What is logistic regression?
Logistic regression is a data analysis technique that uses mathematics to find the relationships between two data factors. It then uses this relationship to predict the value of one of those factors based on the other. The prediction usually has a finite number of outcomes, like yes or no.
For example, let’s say you want to guess if your website visitor will click the checkout button in their shopping cart or not. Logistic regression analysis looks at past visitor behavior, such as time spent on the website and the number of items in the cart. It determines that, in the past, if visitors spent more than five minutes on the site and added more than three items to the cart, they clicked the checkout button. Using this information, the logistic regression function can then predict the behavior of a new website visitor.
Why is logistic regression important?
Logistic regression is an important technique in the field of artificial intelligence and machine learning (AI/ML). ML models are software programs that you can train to perform complex data processing tasks without human intervention. ML models built using logistic regression help organizations gain actionable insights from their business data. They can use these insights for predictive analysis to reduce operational costs, increase efficiency, and scale faster. For example, businesses can uncover patterns that improve employee retention or lead to more profitable product design.

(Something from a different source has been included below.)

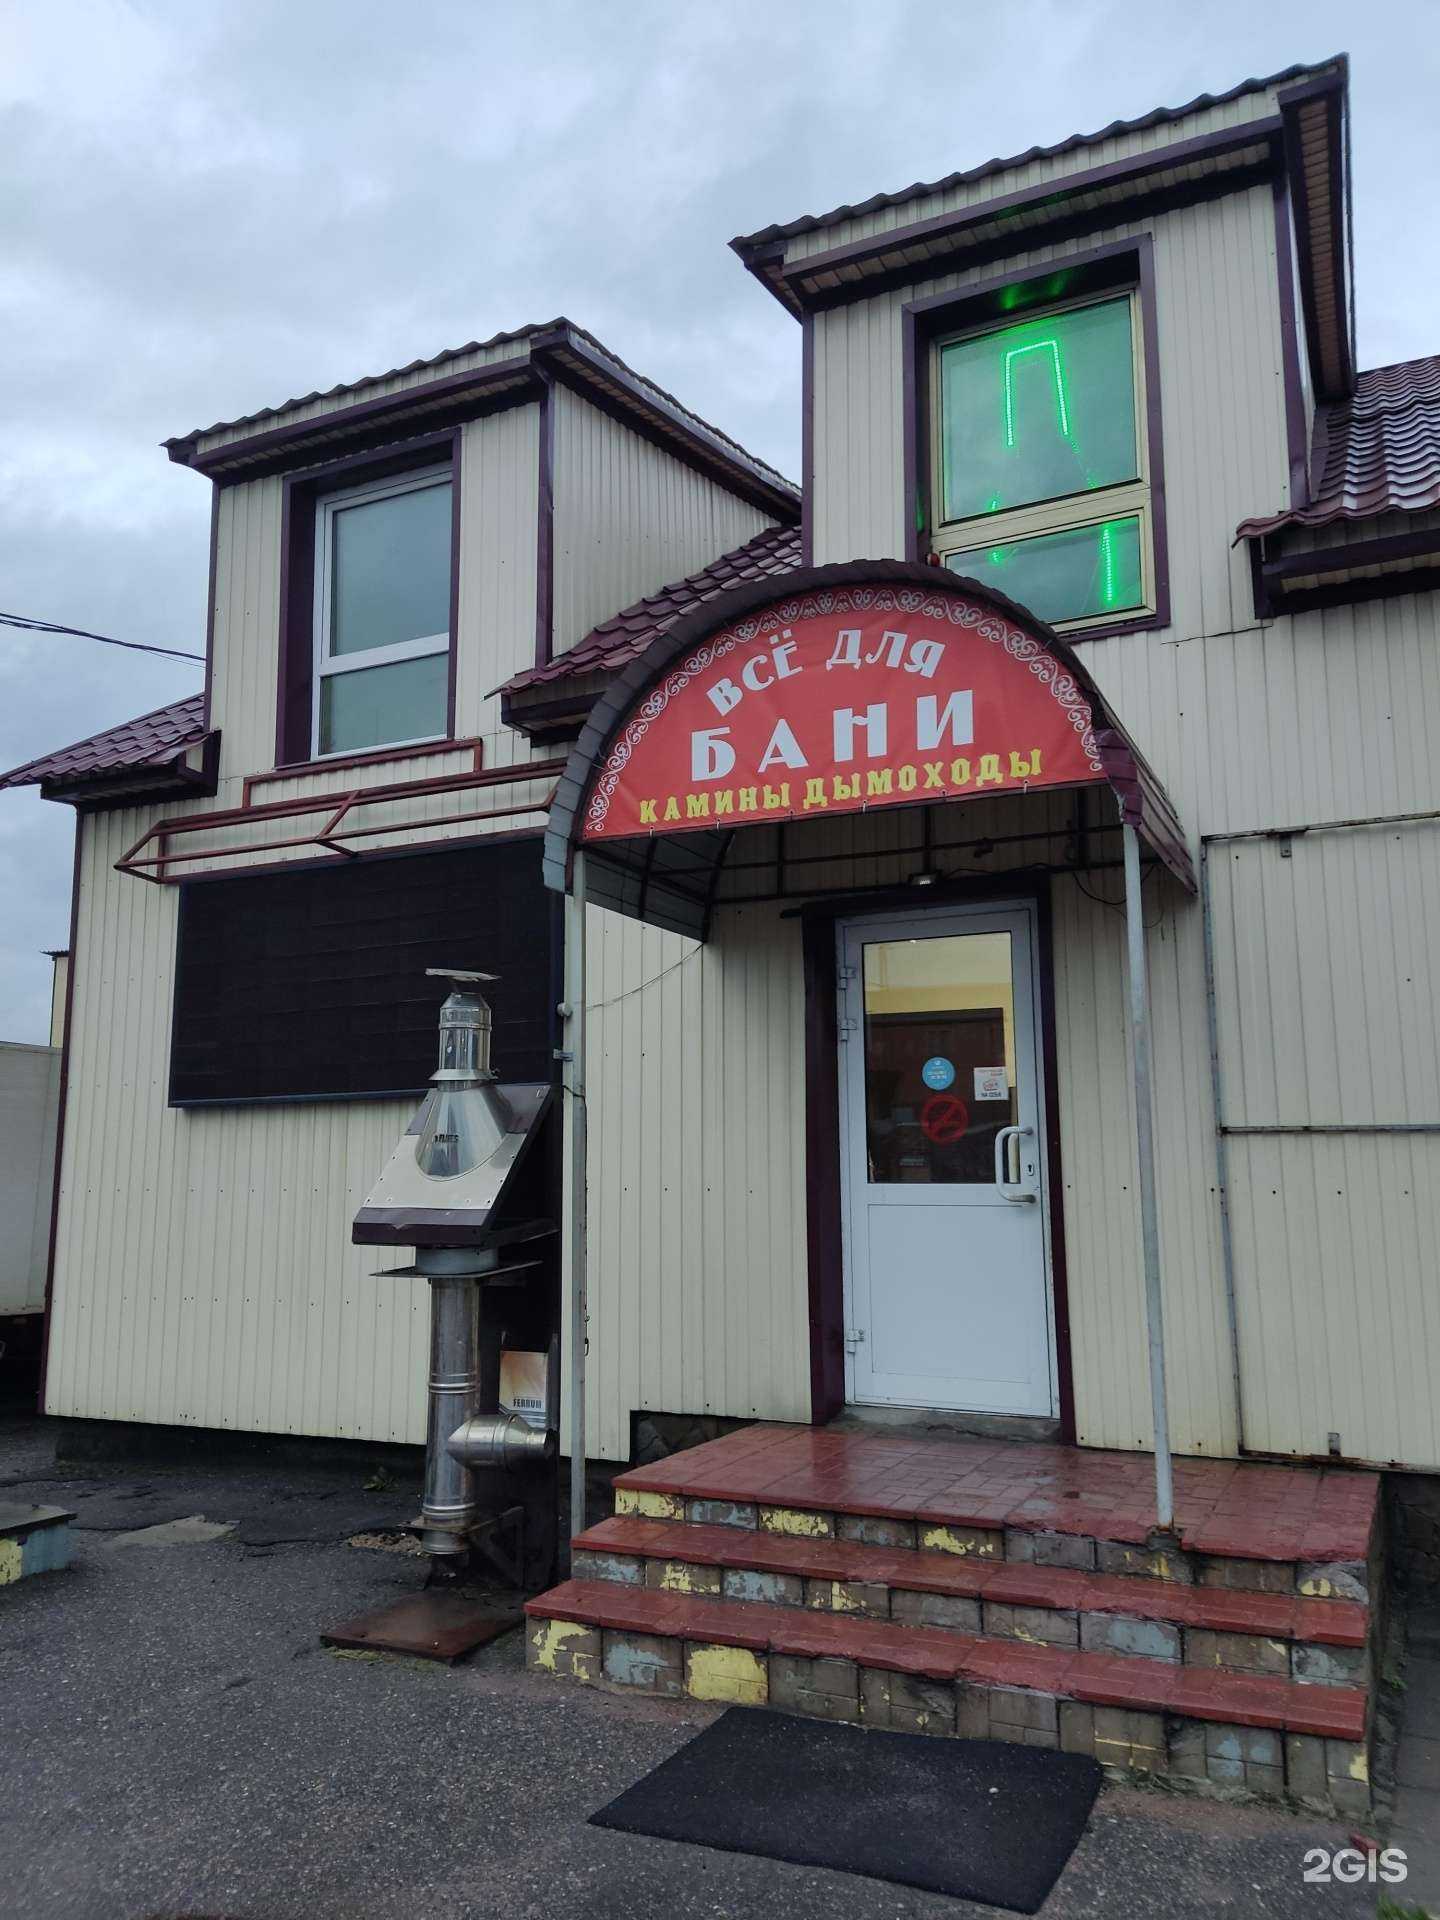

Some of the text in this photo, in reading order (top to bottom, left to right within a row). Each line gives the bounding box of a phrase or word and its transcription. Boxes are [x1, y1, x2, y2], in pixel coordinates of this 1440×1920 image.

[706, 629, 946, 717] ВСЁ ДЛЯ
[691, 689, 974, 782] БАНИ
[639, 748, 1043, 824] КАМИНЫ ДЫМОХОДЫ
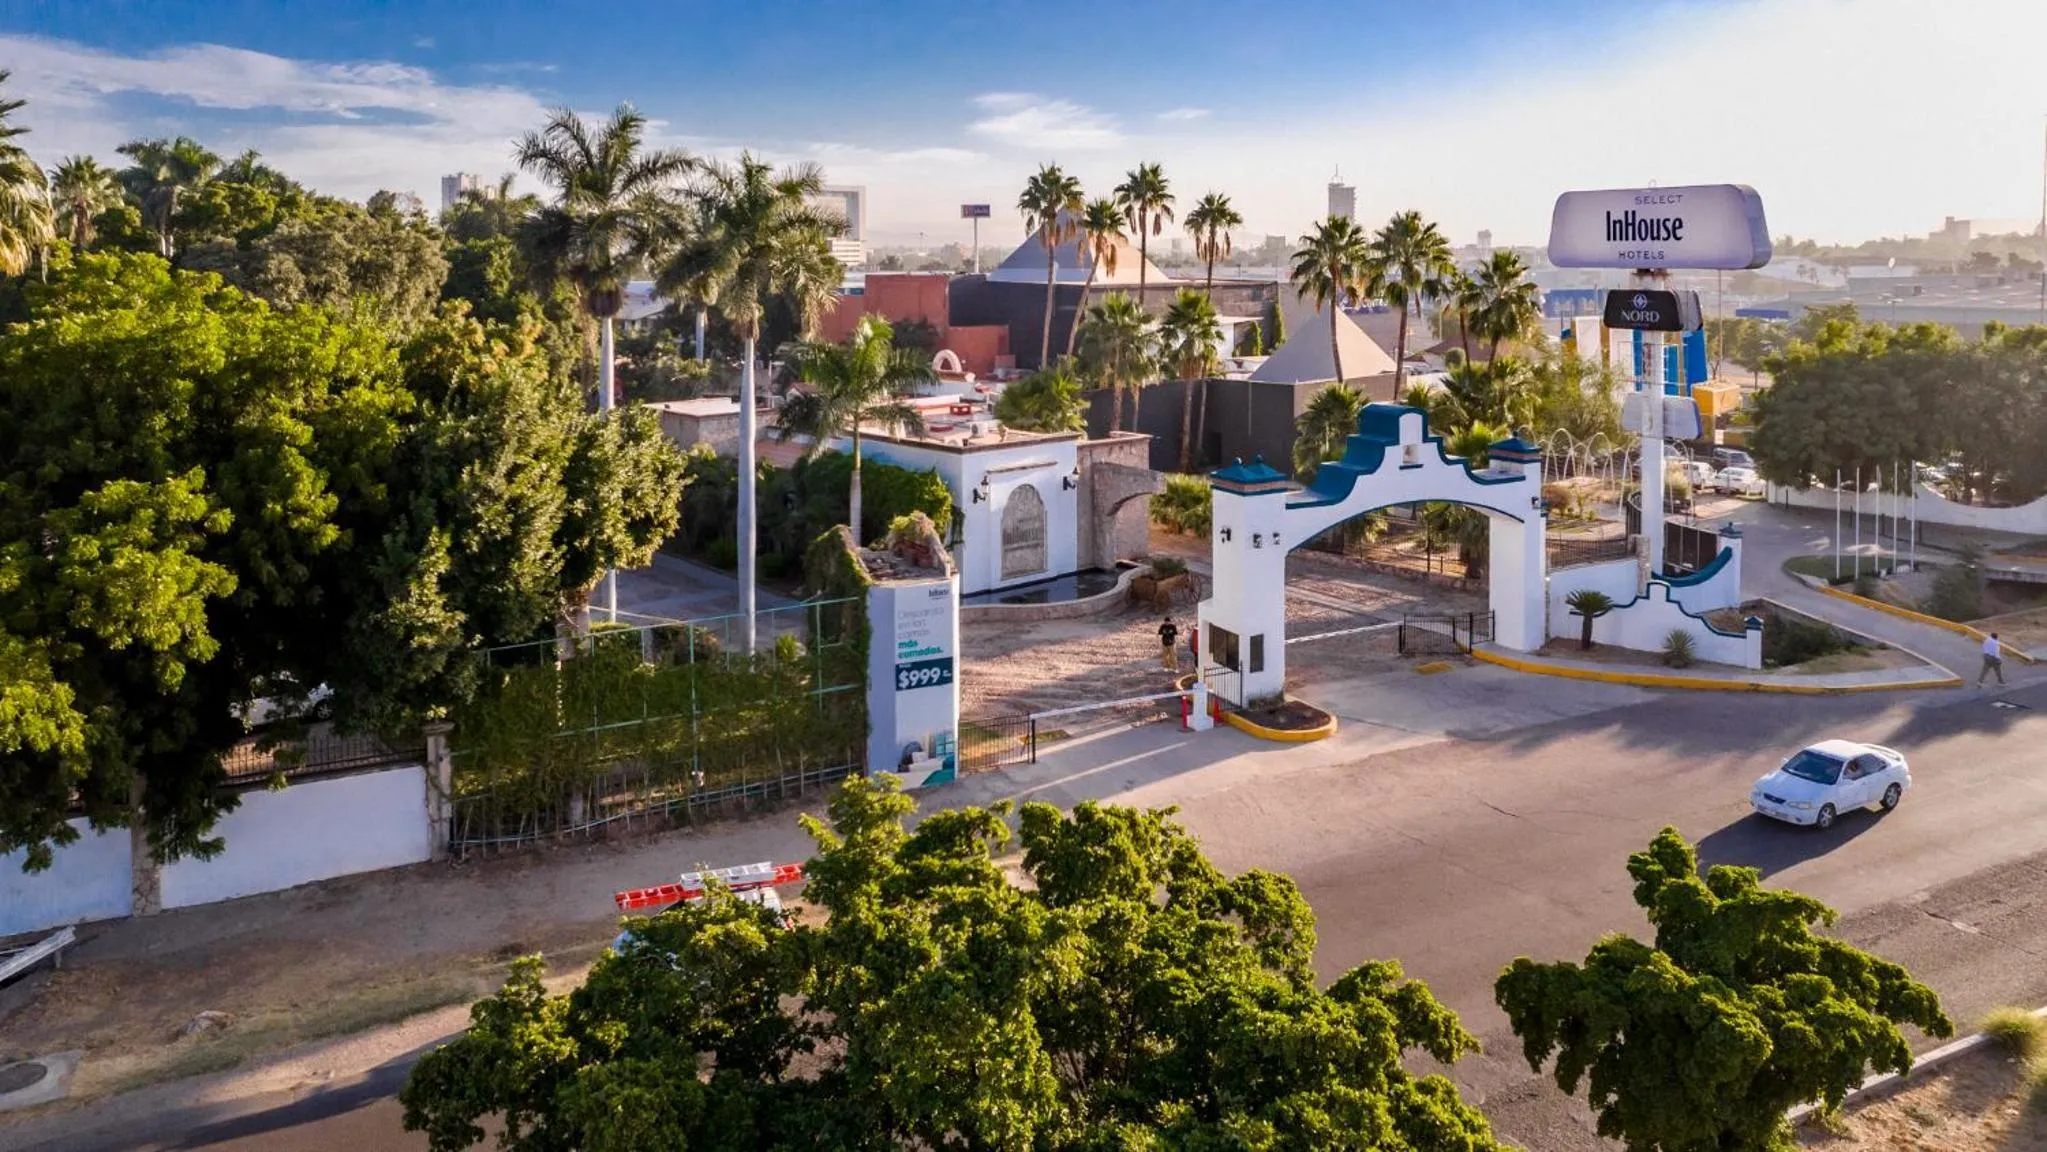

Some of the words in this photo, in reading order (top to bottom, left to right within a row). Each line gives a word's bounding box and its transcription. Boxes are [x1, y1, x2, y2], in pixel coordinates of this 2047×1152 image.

Below, we list some benefits of using logistic regression over other ML techniques.
Logistic regression models are mathematically less complex than other ML methods. Therefore, you can implement them even if no one on your team has in-depth ML expertise.
Logistic regression models can process large volumes of data at high speed because they require less computational capacity, such as memory and processing power. This makes them ideal for organizations that are starting with ML projects to gain some quick wins.
You can use logistic regression to find answers to questions that have two or more finite outcomes. You can also use it to preprocess data. For example, you can sort data with a large range of values, such as bank transactions, into a smaller, finite range of values by using logistic regression. You can then process this smaller data set by using other ML techniques for more accurate analysis.
Logistic regression analysis gives developers greater visibility into internal software processes than do other data analysis techniques. Troubleshooting and error correction are also easier because the calculations are less complex.
What are the applications of logistic regression?
Logistic regression has several real-world applications in many different industries.
Manufacturing companies use logistic regression analysis to estimate the probability of part failure in machinery. They then plan maintenance schedules based on this estimate to minimize future failures.
Medical researchers plan preventive care and treatment by predicting the likelihood of disease in patients. They use logistic regression models to compare the impact of family history or genes on diseases.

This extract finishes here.